All of these factors, taken together, suggest that exhaustive work would be necessary to claim the ADTV exemption and that work would show little yield in the end. It is almost intuitive that the $50 price exemption and the $10 million-and-over net tangible asset exemption will uncover few stocks that would be removed from the scope of the Rule’s coverage. For instance, a search of equity OTCBB stocks on Bloomberg with shareholder equity of $10 million and more discloses only 245 issuers that qualify. Eliminate intangible assets and the number would certainly be fewer. Further, a search of equity OTC stocks on Bloomberg with two sided quotes disclosed only 99 securities that are trading at prices of $50 and over (and 44 of those 99 are ADRs). Bloomberg is a reliable and comprehensive source. To the extent these figures are understated, it is likely due to a lack of availability of market and financial information.

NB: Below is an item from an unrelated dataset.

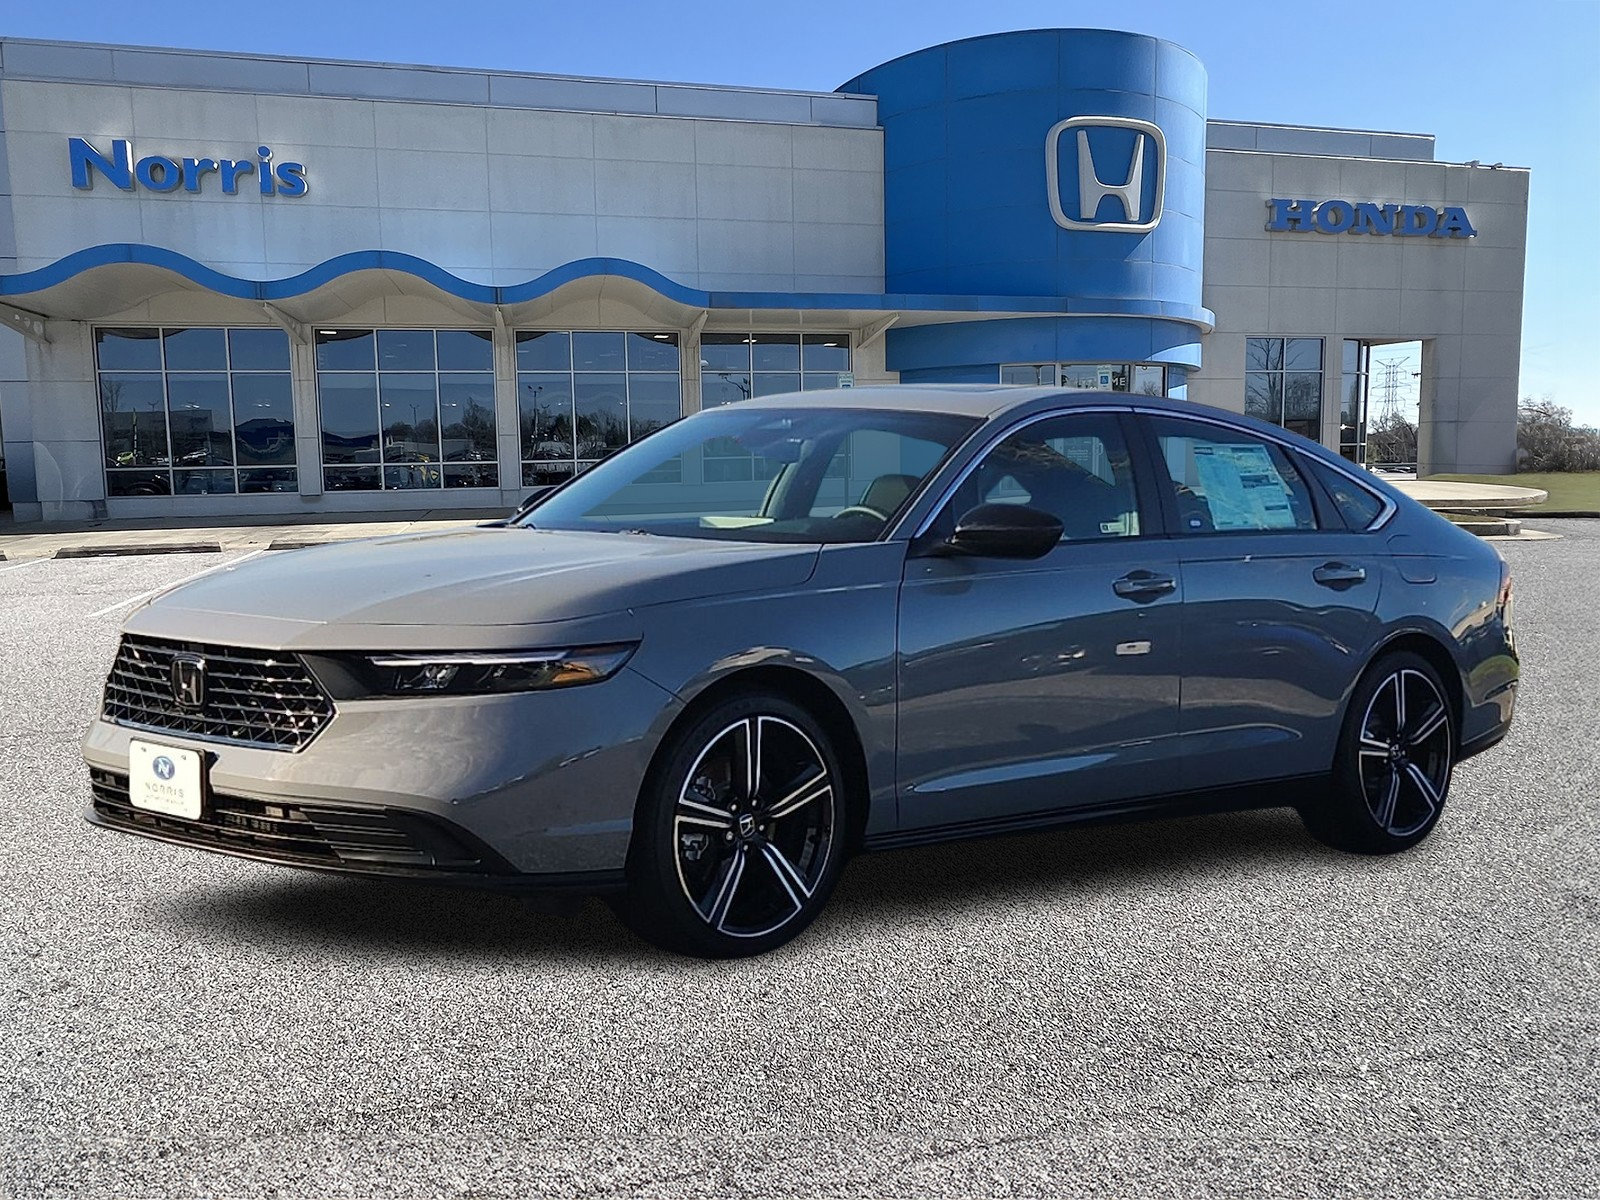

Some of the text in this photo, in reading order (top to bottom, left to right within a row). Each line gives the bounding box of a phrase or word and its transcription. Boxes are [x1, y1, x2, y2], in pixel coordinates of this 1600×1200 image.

[68, 137, 308, 197] Norris
[1265, 198, 1478, 239] HONDA
[145, 781, 185, 799] NORRIS

The Commission makes a backhanded concession in the Re-proposal that "[t]he majority of OTC stocks of U.S. companies … will not satisfy for a test based on [the ADTV exemption]." In reality, the ADTV exemption rarely applies, is difficult to determine, and has short-lived application in any case. Taken together, the size-price-volume exemptions will have minimal impact on the Rule’s coverage. The Commission’s estimate that it has excluded 985 stocks (p. 65) that would otherwise have been subject to the Rule is not supportable, based upon the data we have reviewed. Certainly, the size-price-volume exemptions do not, by any measure, represent a "significant change" in the scope of the Rule.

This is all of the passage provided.